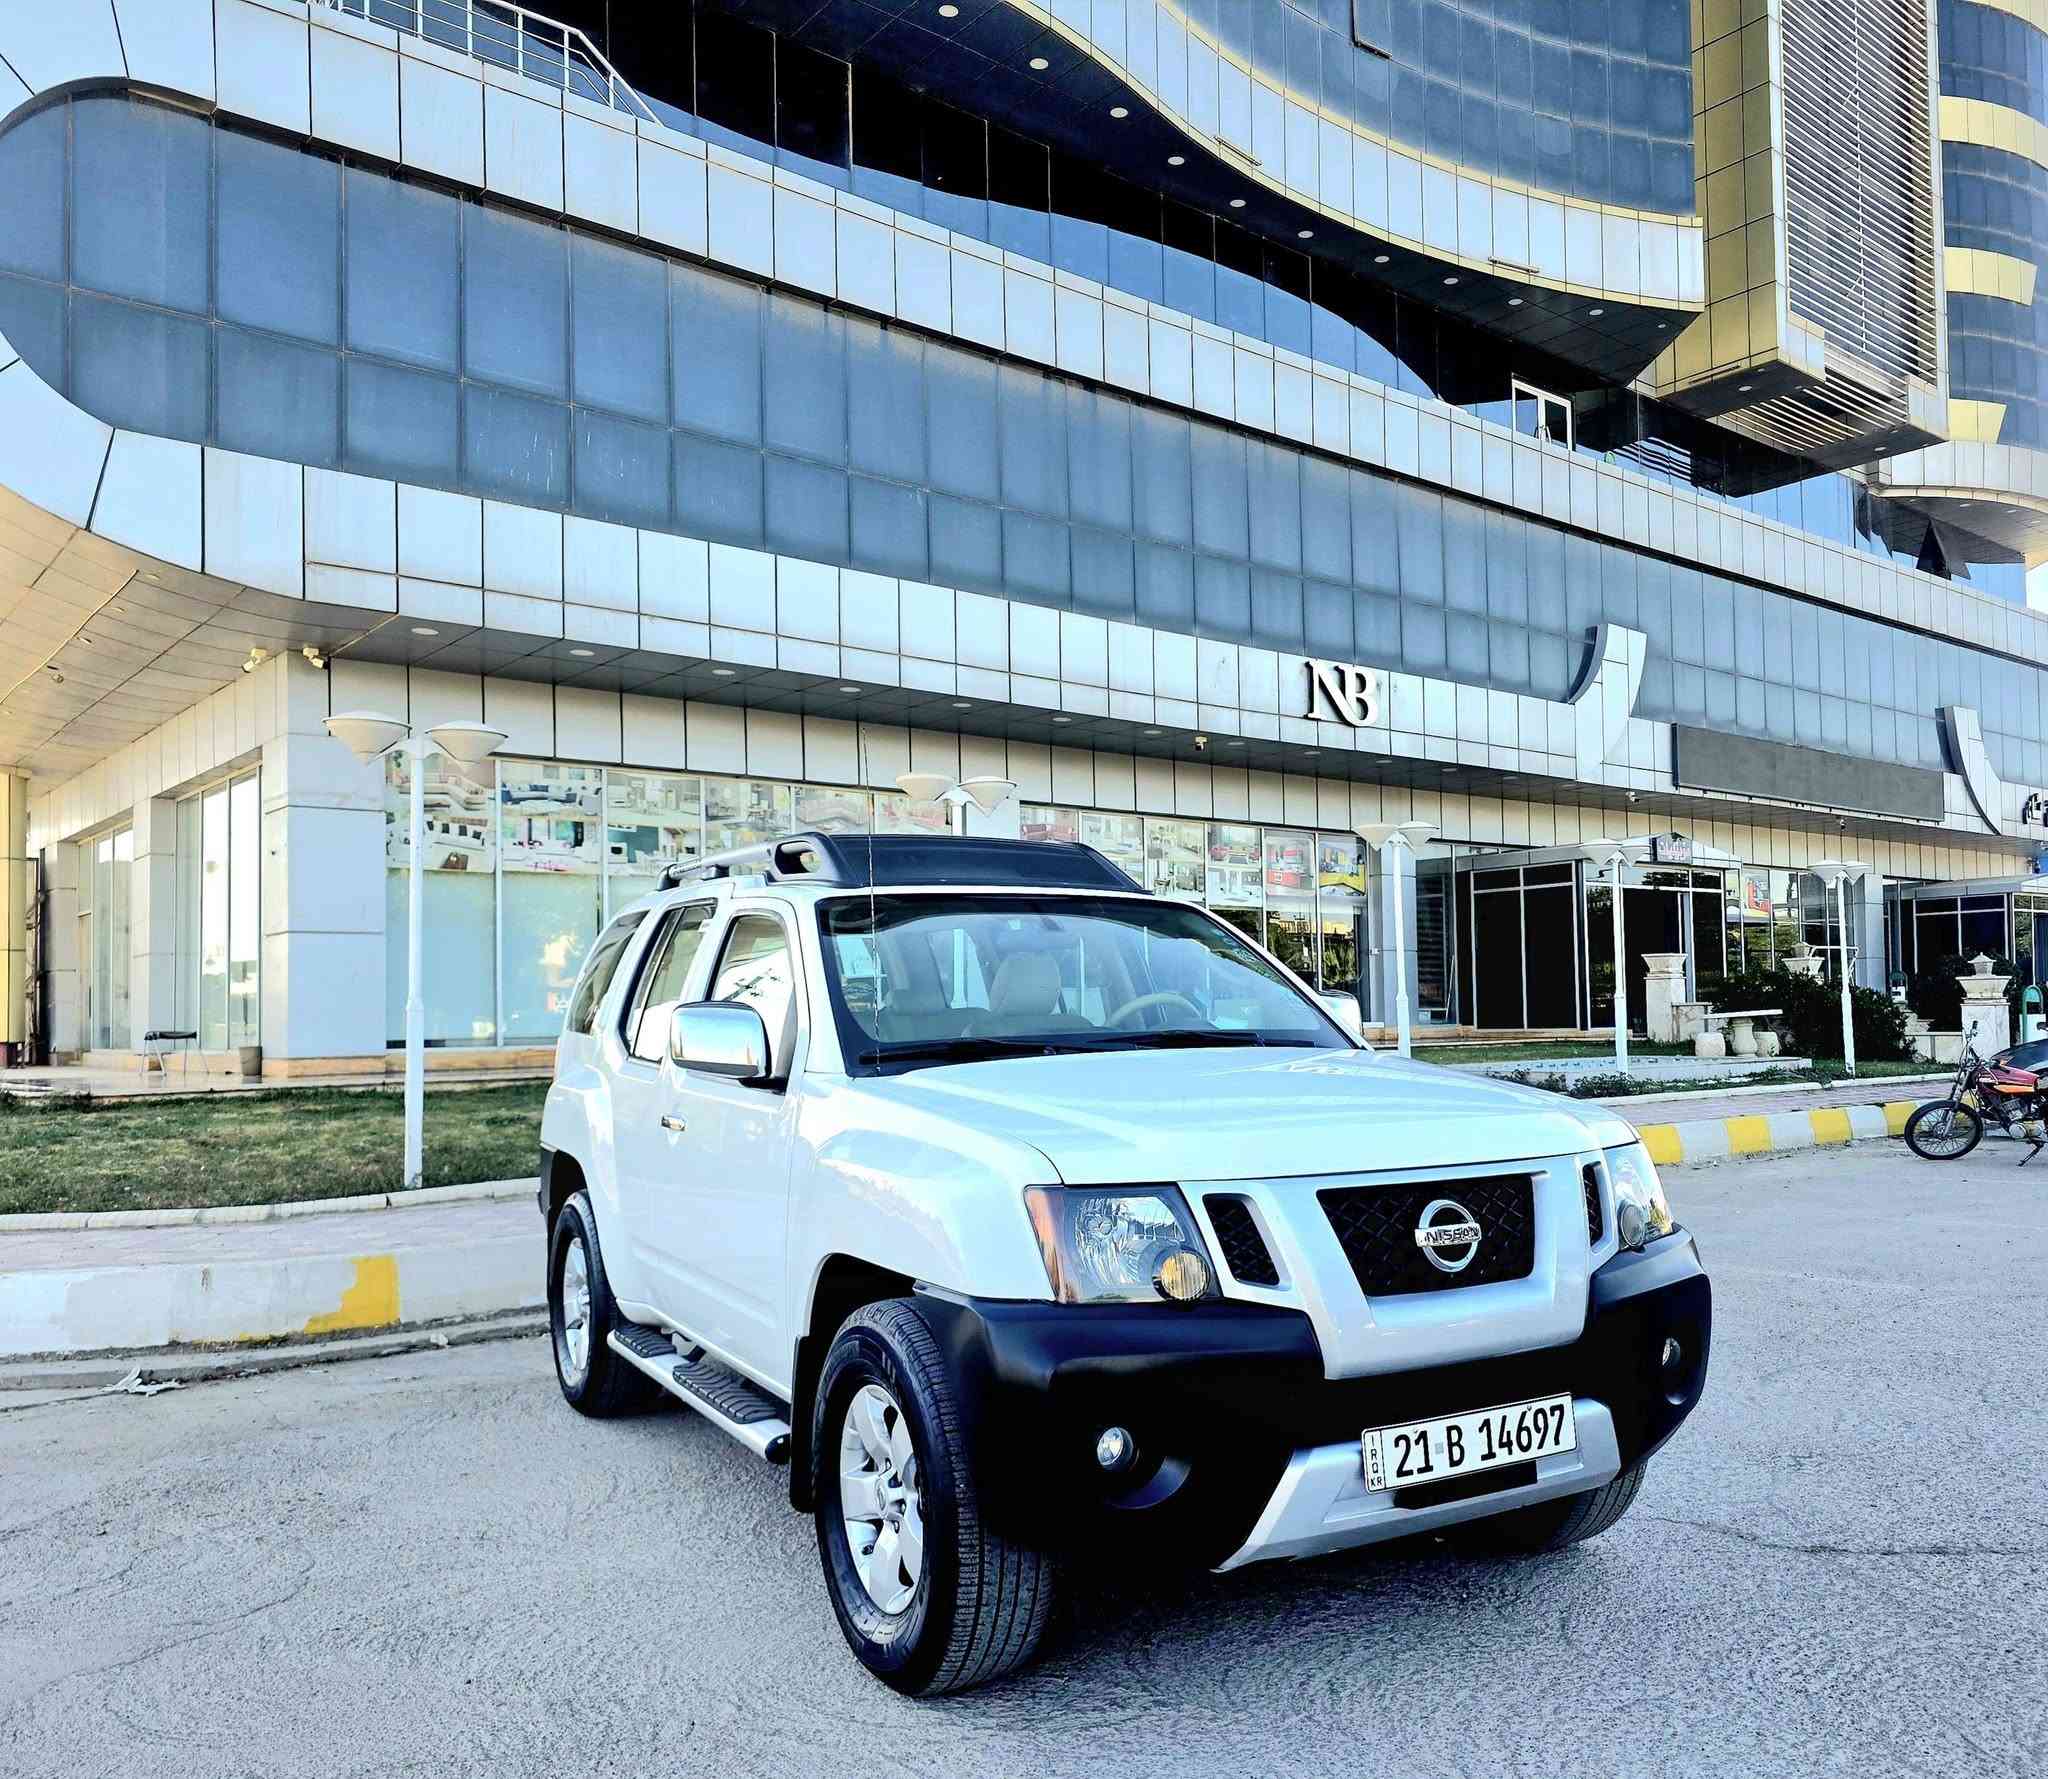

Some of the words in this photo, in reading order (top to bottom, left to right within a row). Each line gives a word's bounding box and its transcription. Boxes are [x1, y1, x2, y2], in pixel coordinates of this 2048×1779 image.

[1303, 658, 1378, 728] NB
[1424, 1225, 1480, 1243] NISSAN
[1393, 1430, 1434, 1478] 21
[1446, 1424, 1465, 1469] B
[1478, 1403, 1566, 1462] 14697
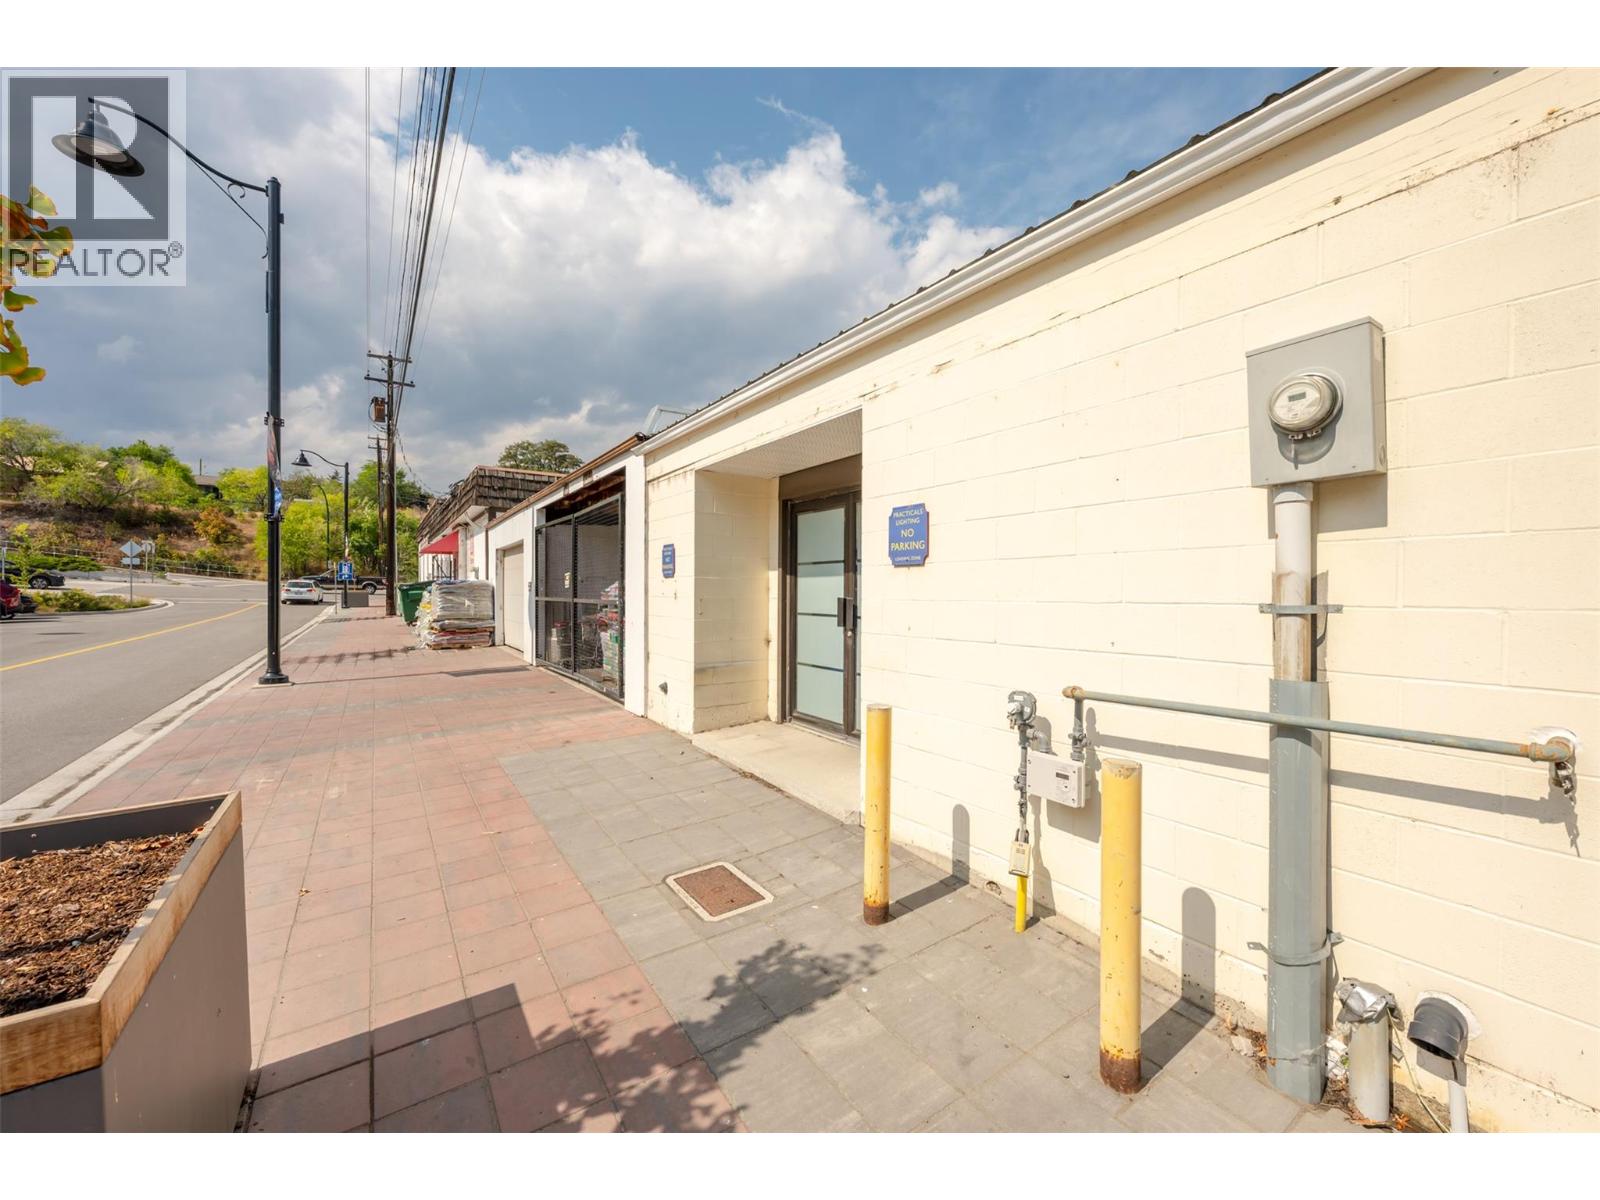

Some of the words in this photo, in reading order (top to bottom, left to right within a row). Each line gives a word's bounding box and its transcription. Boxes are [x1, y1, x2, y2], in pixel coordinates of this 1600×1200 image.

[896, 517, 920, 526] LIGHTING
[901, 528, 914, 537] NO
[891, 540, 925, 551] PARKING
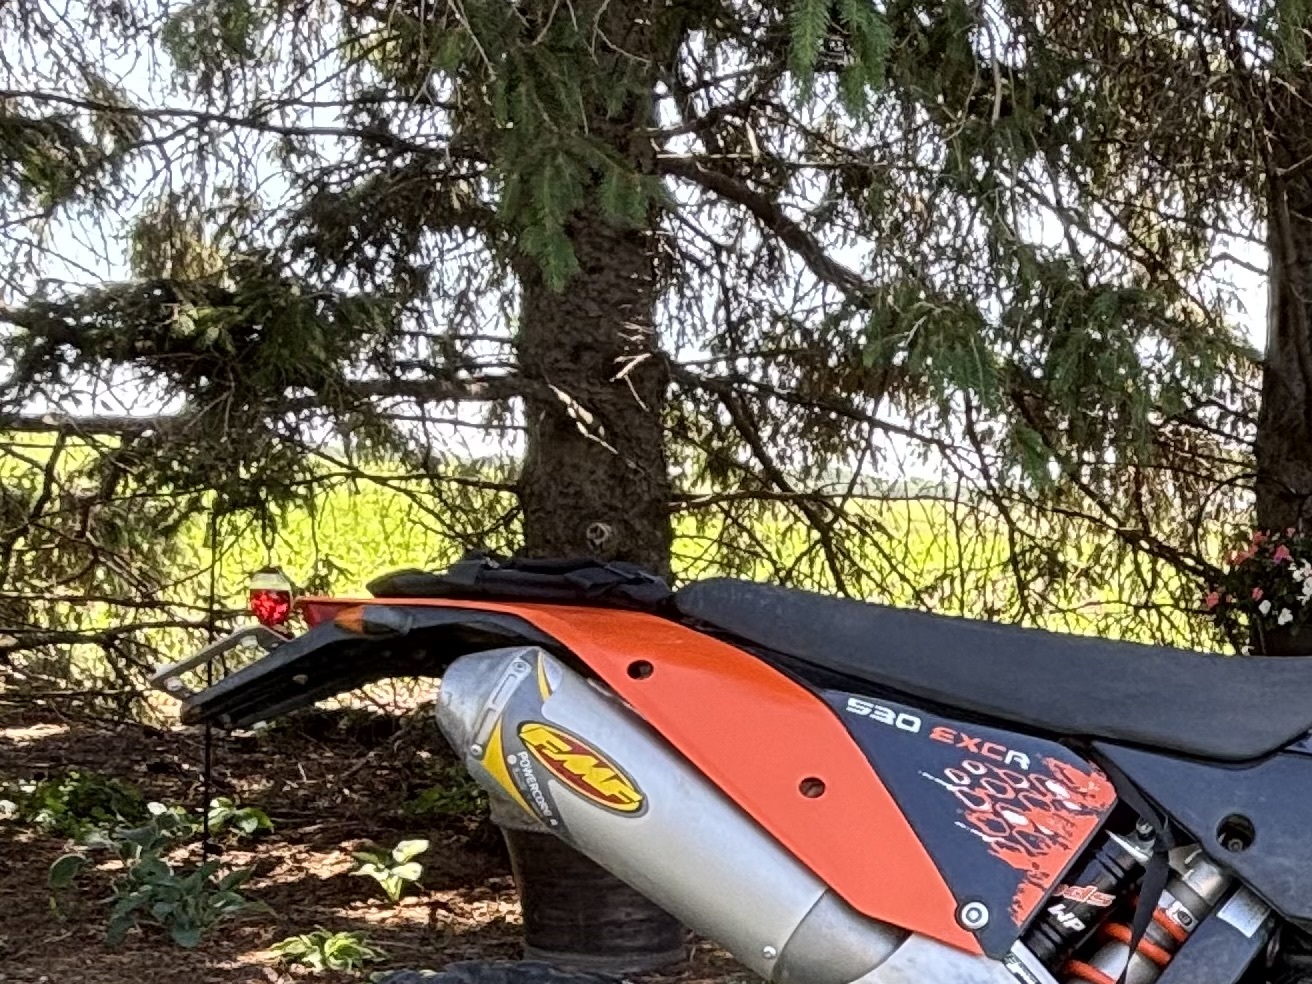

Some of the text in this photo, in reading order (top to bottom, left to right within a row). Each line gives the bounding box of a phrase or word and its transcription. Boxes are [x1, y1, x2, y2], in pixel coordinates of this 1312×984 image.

Problem to work on
Please give all of the material again, exactly, without the images.

Output of the exercise
Some of the words in this photo, in reading order (top to bottom, left to right within a row). Each line gives a word's bounding box and its transcription. Boxes are [x1, y1, x2, y2], in pixel coordinates of this 2048×1779 image.

[1303, 658, 1378, 728] NB
[1424, 1225, 1480, 1243] NISSAN
[1393, 1430, 1434, 1478] 21
[1446, 1424, 1465, 1469] B
[1478, 1403, 1566, 1462] 14697

Some of the words in this photo, in reading order (top to bottom, left to right within a row). Each line gives a word's bounding box and its transcription. Boxes are [x1, y1, x2, y2], in pixel coordinates of this 1600×1200 image.

[896, 517, 920, 526] LIGHTING
[901, 528, 914, 537] NO
[891, 540, 925, 551] PARKING

Some of the text in this photo, in reading order (top to bottom, left to right within a row). Each line gives the bounding box of a phrase or word and its transcription. Boxes are [x1, y1, x2, y2], in pixel coordinates of this 1312×984 image.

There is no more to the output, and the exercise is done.